[Stored dataset items]
= Beginning of Section =
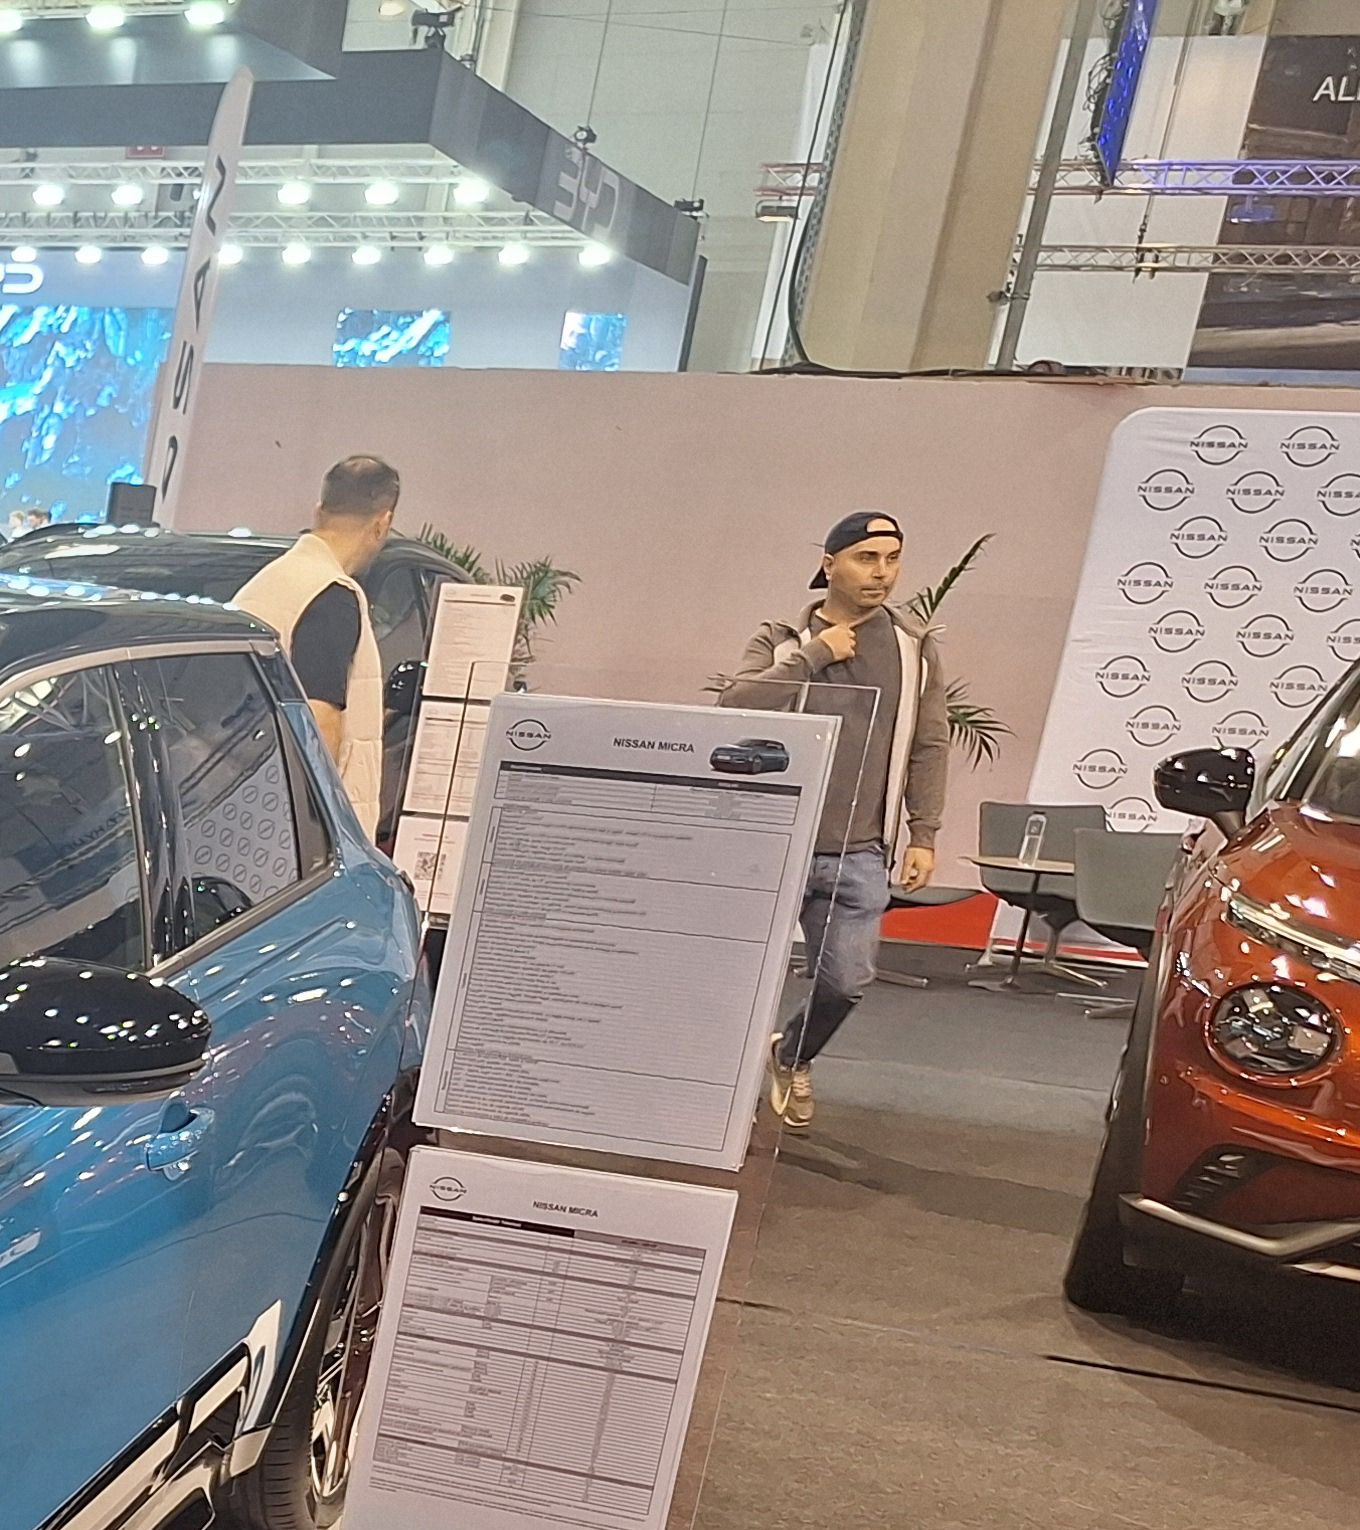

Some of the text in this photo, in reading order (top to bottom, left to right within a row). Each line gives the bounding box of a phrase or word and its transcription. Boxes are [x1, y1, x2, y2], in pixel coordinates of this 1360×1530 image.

[1312, 76, 1360, 102] AL
[1190, 440, 1248, 449] NISSAN
[1280, 441, 1340, 451] NISSAN
[1137, 485, 1195, 495] NISSAN
[1226, 487, 1285, 498] NISSAN
[1317, 489, 1360, 500] NISSA
[1170, 532, 1228, 543] NISSAN
[1259, 534, 1318, 546] NISSAN
[1117, 578, 1174, 589] NISSAN
[1204, 581, 1262, 593] NISSAN
[1294, 585, 1353, 596] NISSAN
[1148, 626, 1205, 637] NISSAN
[1236, 630, 1294, 642] NISSAN
[1095, 671, 1151, 683] NISSAN
[1181, 676, 1238, 688] NISSAN
[1269, 681, 1328, 693] NISSAN
[1125, 720, 1181, 733] NISSAN
[1212, 725, 1269, 738] NISSAN
[505, 730, 552, 740] NISSAN
[613, 737, 695, 753] NISSAN MICRA
[1072, 762, 1128, 775] NISSAN
[430, 1184, 467, 1194] NISSAN
[532, 1200, 599, 1218] NISSAN MICRA
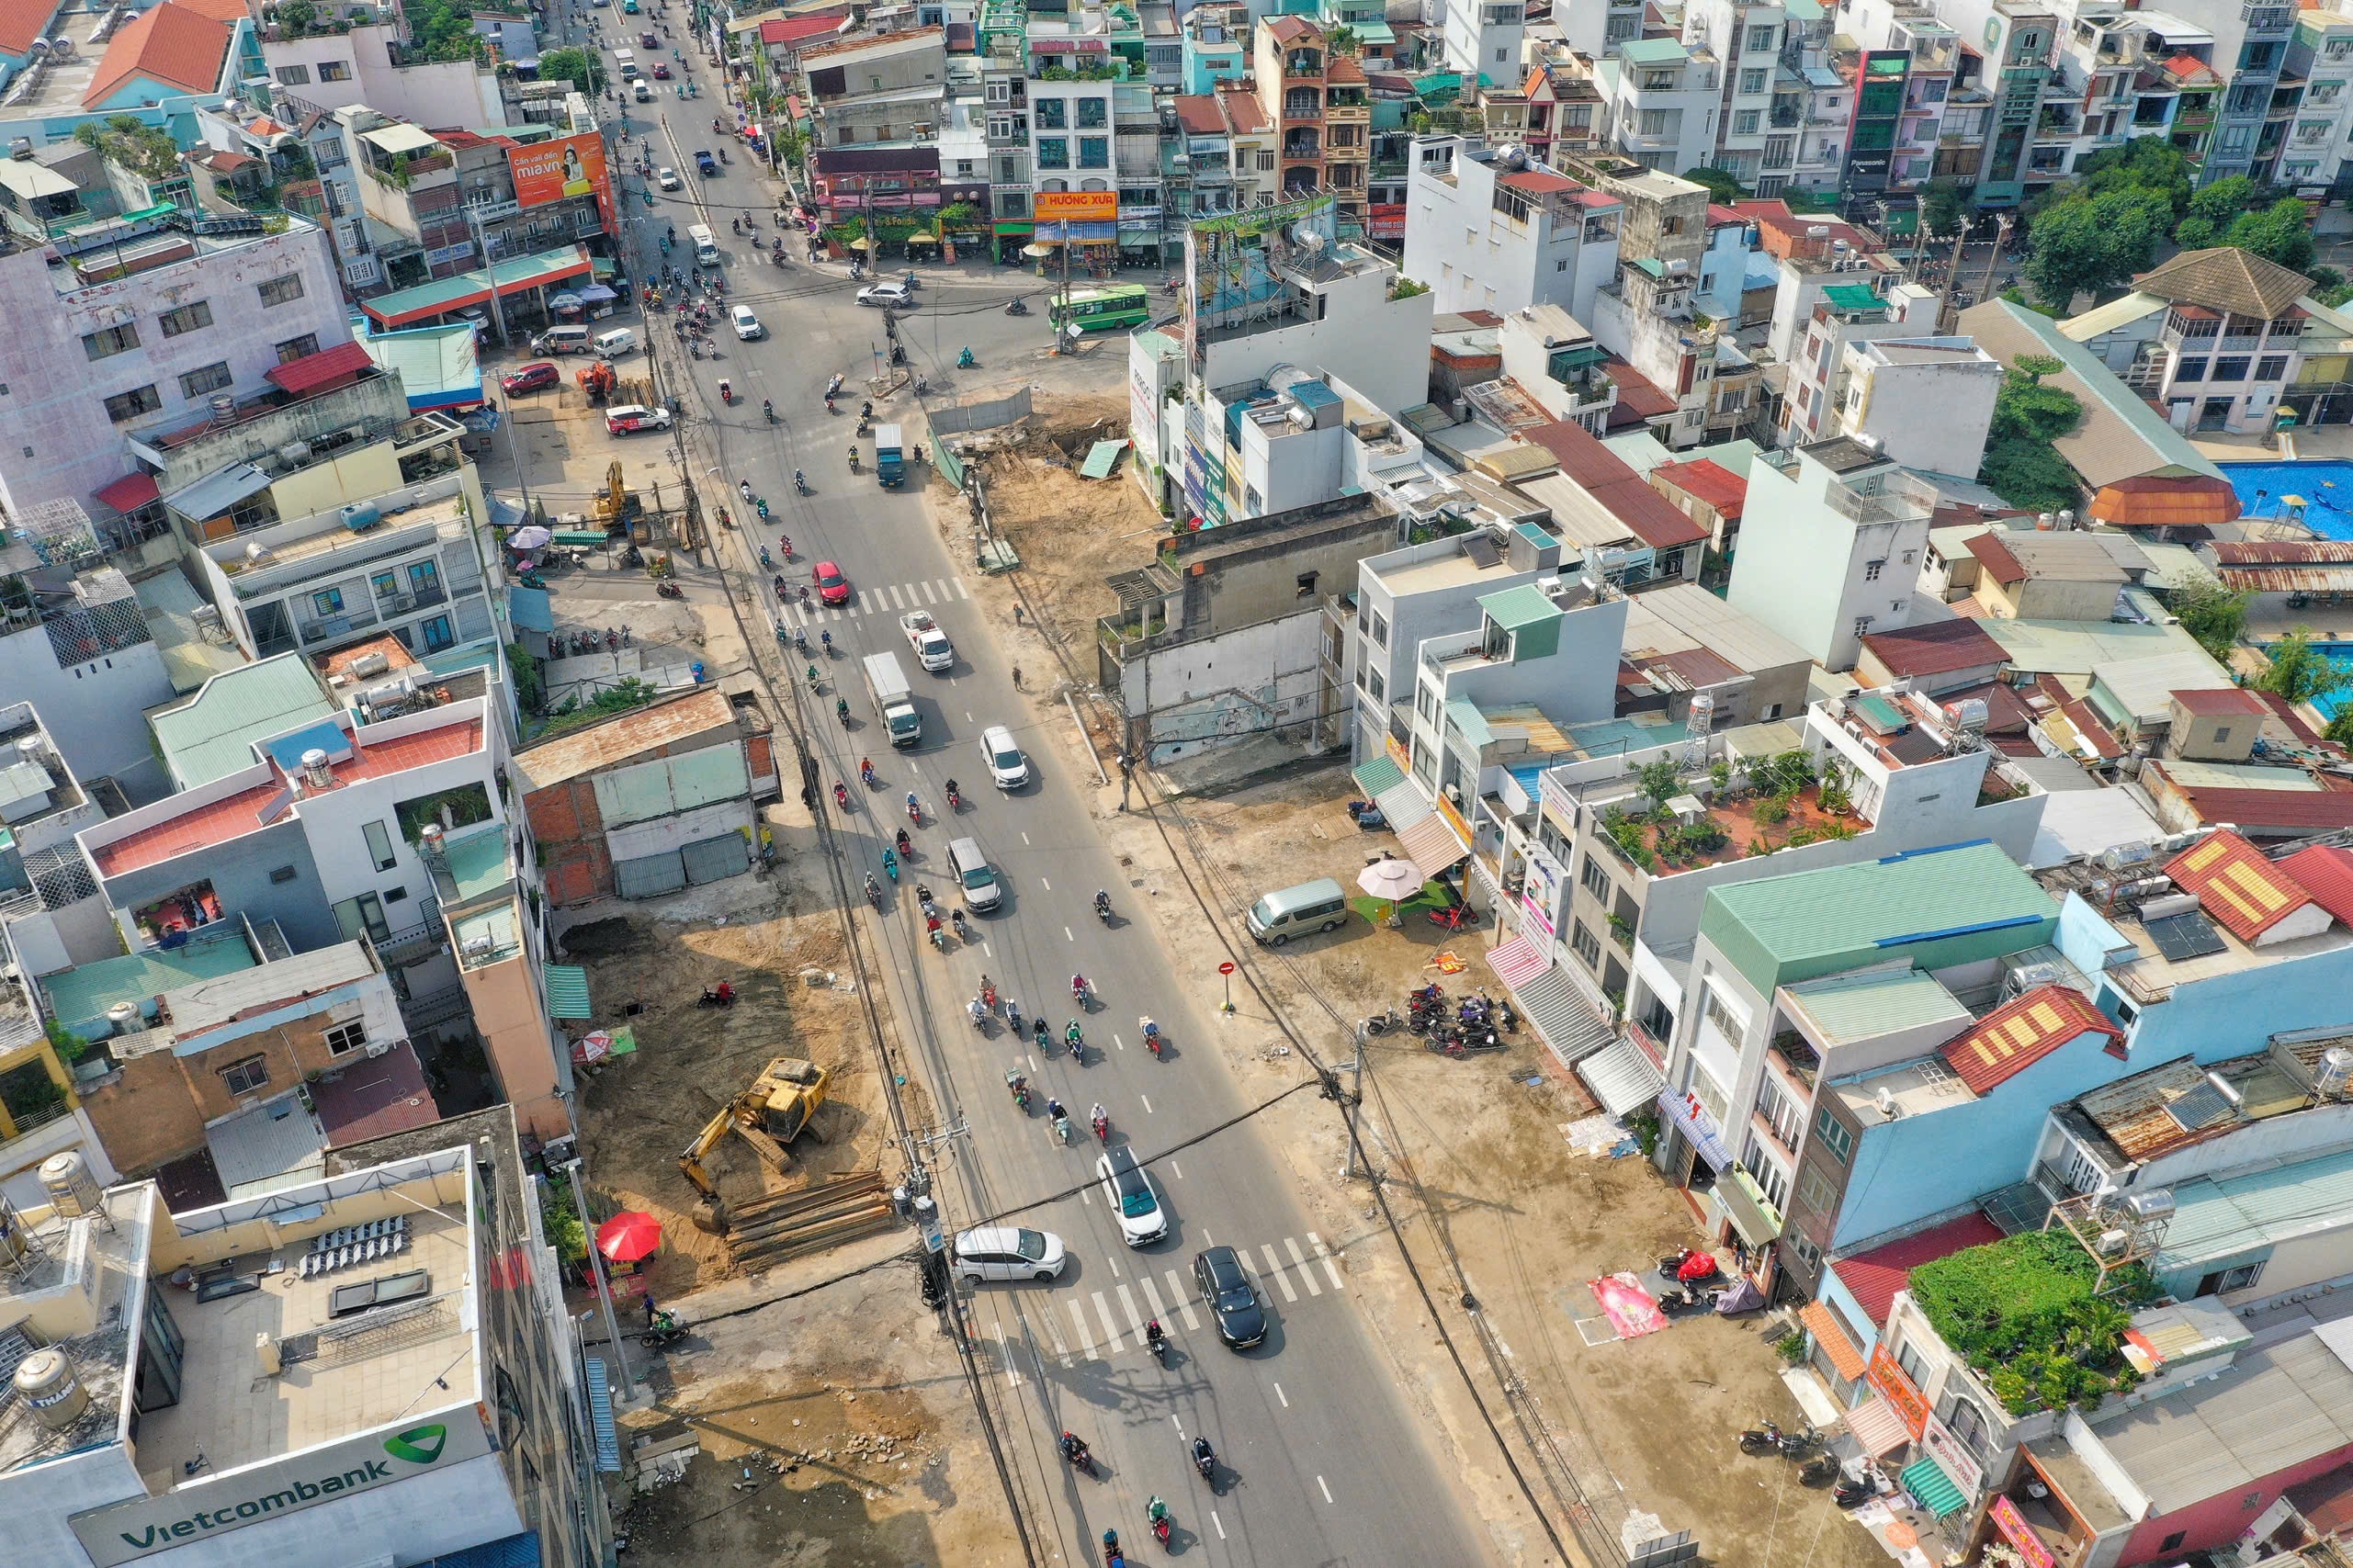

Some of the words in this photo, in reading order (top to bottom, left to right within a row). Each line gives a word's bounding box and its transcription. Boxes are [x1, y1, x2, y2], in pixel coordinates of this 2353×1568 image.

[530, 154, 543, 163] vali
[516, 161, 560, 179] mia.vn
[1049, 194, 1088, 205] HƯƠNG
[1092, 195, 1114, 205] XƯA
[1134, 369, 1150, 400] PERGO
[120, 1460, 393, 1549] Vietcombank
= End of Section =
◆ **Try it**
Would you please print the entries once more, word for word, minus the pictures?

◆ **Written answer**
Some of the text in this photo, in reading order (top to bottom, left to right within a row). Each line gives the bounding box of a phrase or word and its transcription. Boxes are [x1, y1, x2, y2], in pixel coordinates of this 1360×1530 image.

[1312, 76, 1360, 102] AL
[1190, 440, 1248, 449] NISSAN
[1280, 441, 1340, 451] NISSAN
[1137, 485, 1195, 495] NISSAN
[1226, 487, 1285, 498] NISSAN
[1317, 489, 1360, 500] NISSA
[1170, 532, 1228, 543] NISSAN
[1259, 534, 1318, 546] NISSAN
[1117, 578, 1174, 589] NISSAN
[1204, 581, 1262, 593] NISSAN
[1294, 585, 1353, 596] NISSAN
[1148, 626, 1205, 637] NISSAN
[1236, 630, 1294, 642] NISSAN
[1095, 671, 1151, 683] NISSAN
[1181, 676, 1238, 688] NISSAN
[1269, 681, 1328, 693] NISSAN
[1125, 720, 1181, 733] NISSAN
[1212, 725, 1269, 738] NISSAN
[505, 730, 552, 740] NISSAN
[613, 737, 695, 753] NISSAN MICRA
[1072, 762, 1128, 775] NISSAN
[430, 1184, 467, 1194] NISSAN
[532, 1200, 599, 1218] NISSAN MICRA

Some of the words in this photo, in reading order (top to bottom, left to right within a row). Each line gives a word's bounding box and its transcription. Boxes are [x1, y1, x2, y2], in pixel coordinates of this 2353×1568 image.

[530, 154, 543, 163] vali
[516, 161, 560, 179] mia.vn
[1049, 194, 1088, 205] HƯƠNG
[1092, 195, 1114, 205] XƯA
[1134, 369, 1150, 400] PERGO
[120, 1460, 393, 1549] Vietcombank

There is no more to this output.